Backyard Nature Wednesday: Buttonbush

When the calendar rolled around to May this year, my daughters asked me for a wish list for Mother's Day. I took advantage of their generosity by giving them a list of some plants that I wished to add to my habitat garden. They responded by gifting me with three wonderful shrubs on that list, and that's how I came to have a buttonbush.

Buttonbush (Cephalanthus occidentalis) is native to North America and Cuba. It is a deciduous shrub that can grow from five to twelve feet high and, in perfect conditions, even taller. It can spread out as much as eight feet wide. I remembered the plant with its interesting blooms growing around the fields and creek banks of my childhood on the farm and I had long wanted to add one to my garden here.

This shrub grows quite happily in full sun to part shade and in soils that range from medium moisture to quite wet. It pouts a bit if conditions get too dry. I planted mine along the back fence, far away from faucets and from ease of watering, and we did have many weeks almost completely without  rain this summer. Moreover, I was in no condition physically to do much to help the plant. I did manage to get the sprinklers focused on it a couple of times when the situation got dire. In fact, the shrub came through its drought ordeal quite well and is now putting out lots of new growth. Since it was its first year, I wasn't expecting much in the way of blooms. Mature plants are typically covered with these white ball-shaped spiky blooms in late spring and summer. My new plant actually surprised me with a good number of the blooms, and, as you can see, it is still sending out new blooms. The one on the right is several days old while the one on the left is just beginning to open up. The blooms are quite showy and they have a subtle fragrance. They are greatly loved by bees and butterflies.   

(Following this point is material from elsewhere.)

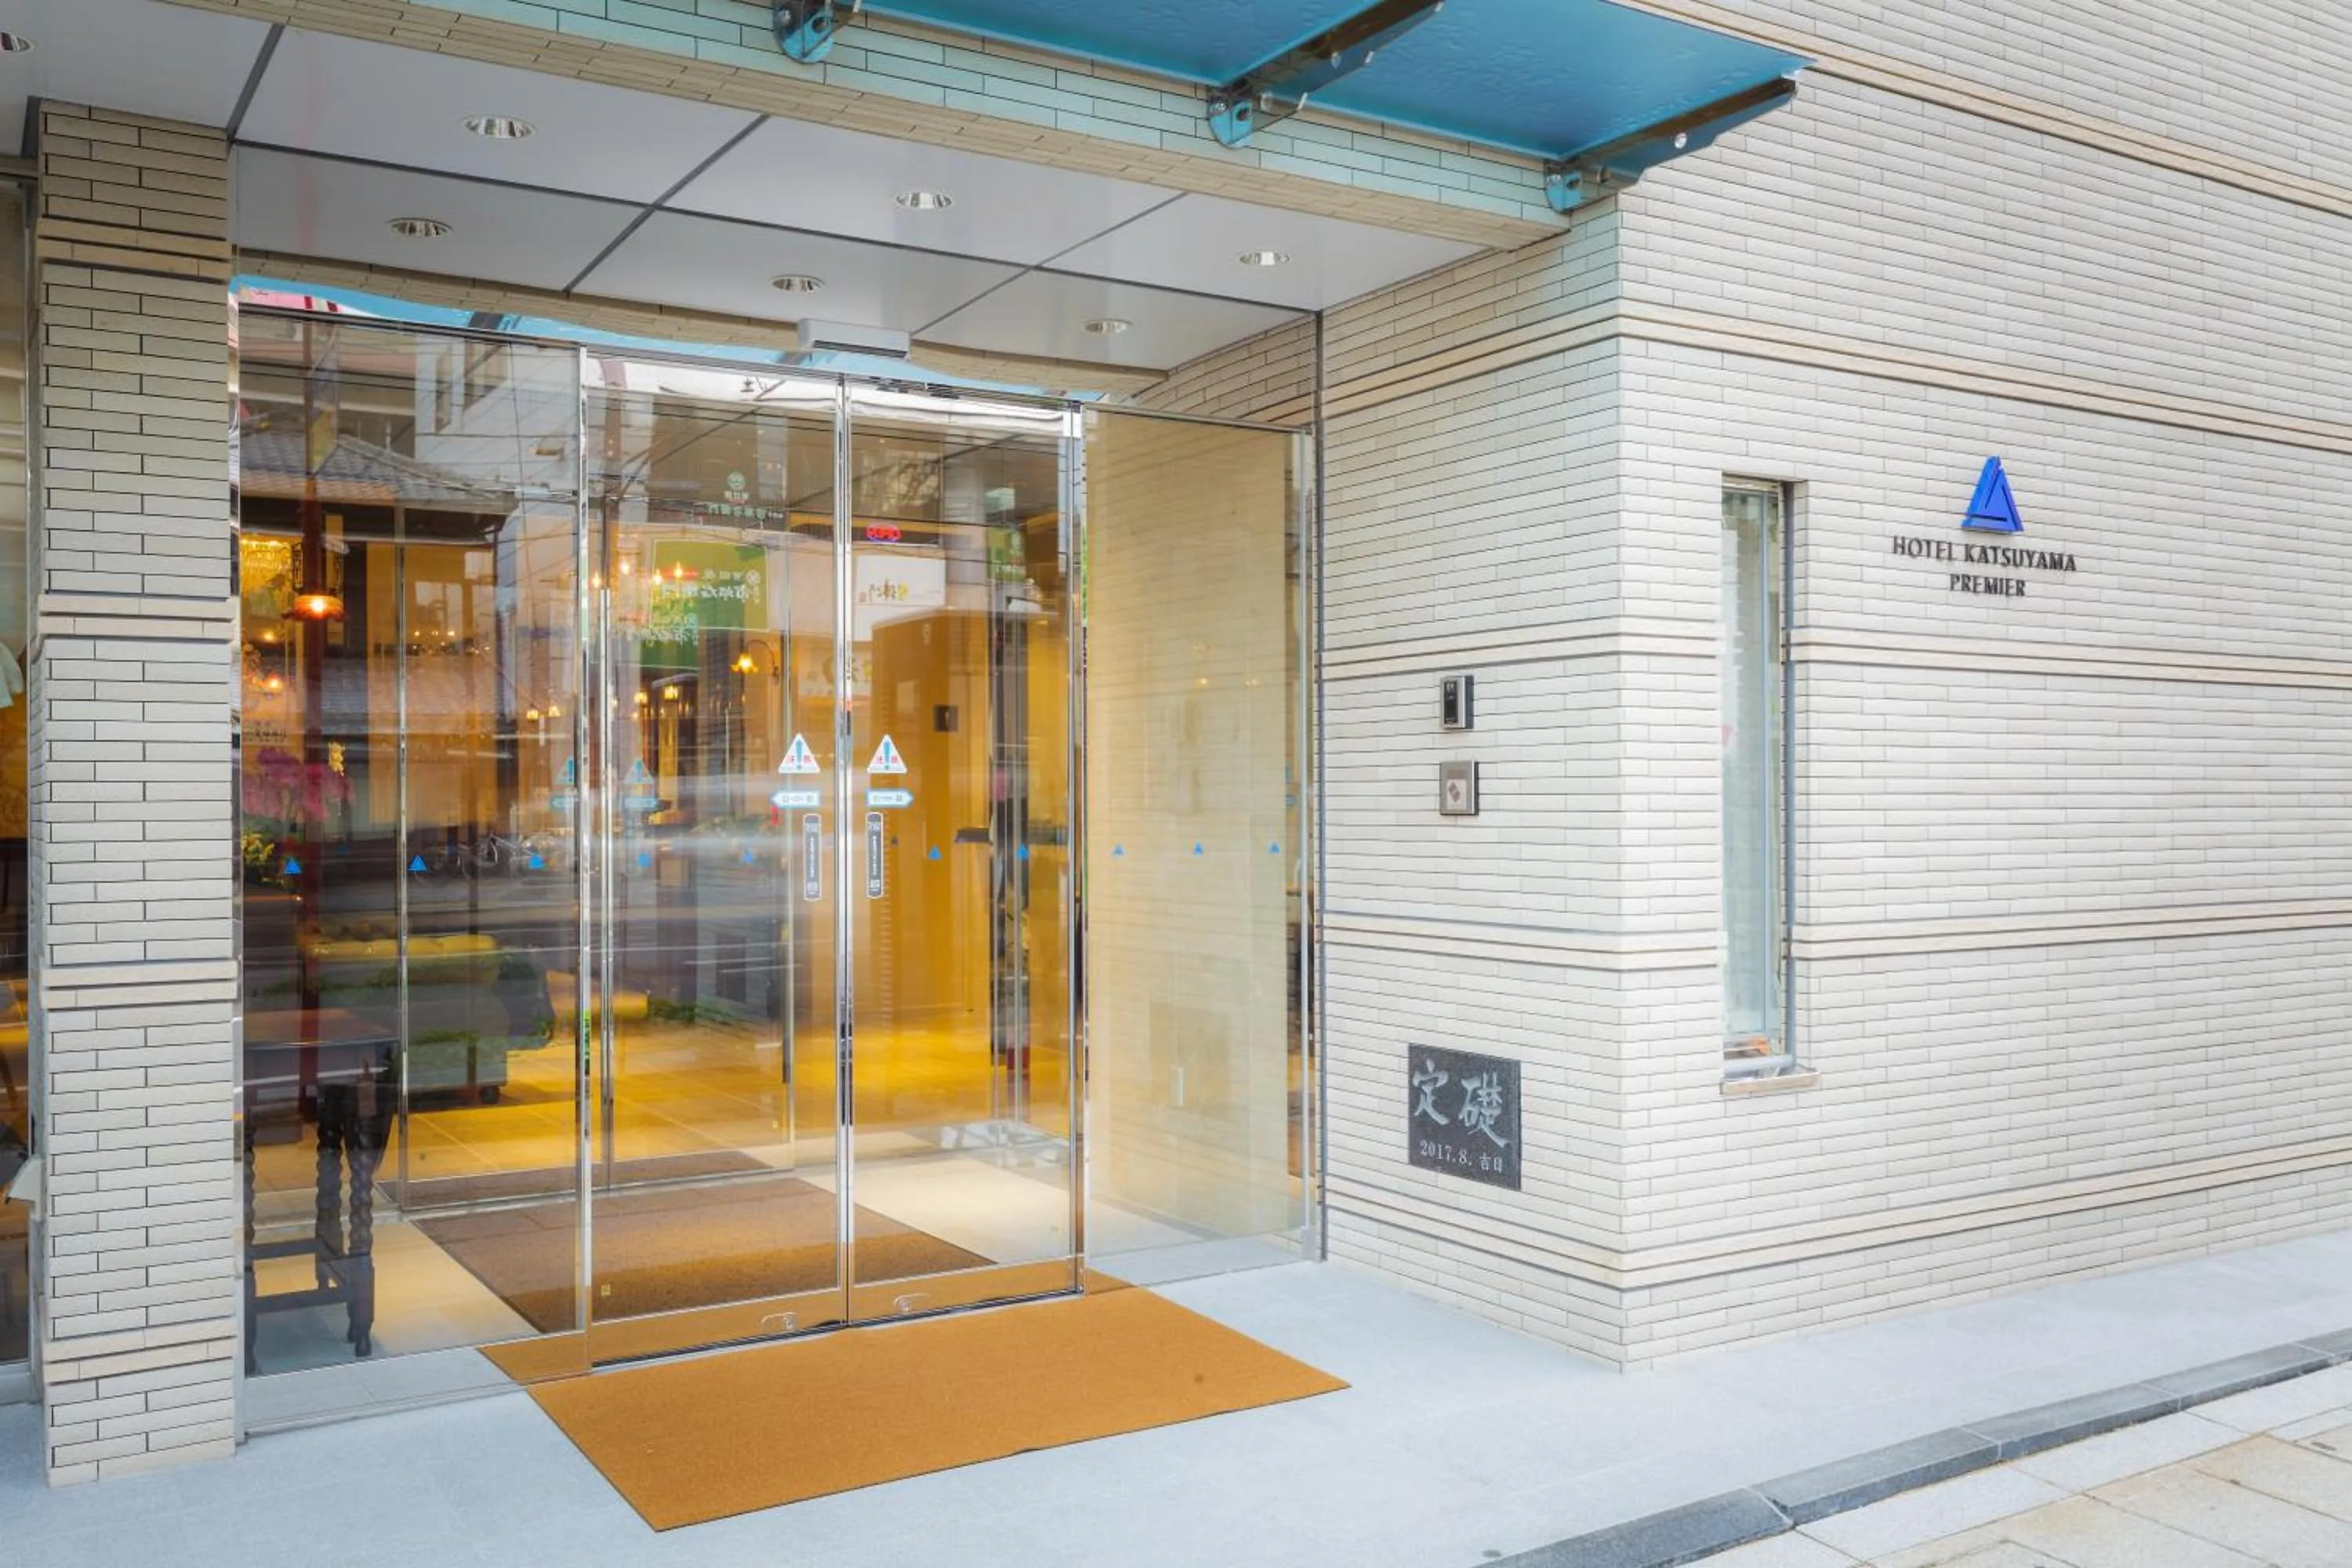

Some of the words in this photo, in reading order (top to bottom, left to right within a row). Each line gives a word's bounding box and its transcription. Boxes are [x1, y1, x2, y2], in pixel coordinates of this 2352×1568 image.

You can probably imagine how the plant got its popular name. The bloom does look a bit like a big button and the bloom matures into a hard spherical ball-like fruit that looks even more like a button. When the blossom is fully open like this one, it reminds me of a pincushion full of pins, so if I had been naming it, I might have called it pincushion plant.

 The fruiting heads persist through the winter. I'm not sure if they attract birds, but I'll have a chance to find out this winter.


  1. Lovely bloom; I had never seen it before.

    1. It's not a usual garden staple, but if you look around when you are out in a wild place, you might encounter it. I believe it grows pretty much all over the country except in very dry and sandy places.

  2. It's beautiful! I'll have to go visit it when I come out to see y'all this weekend!

  3. What wonderful daughters you must have!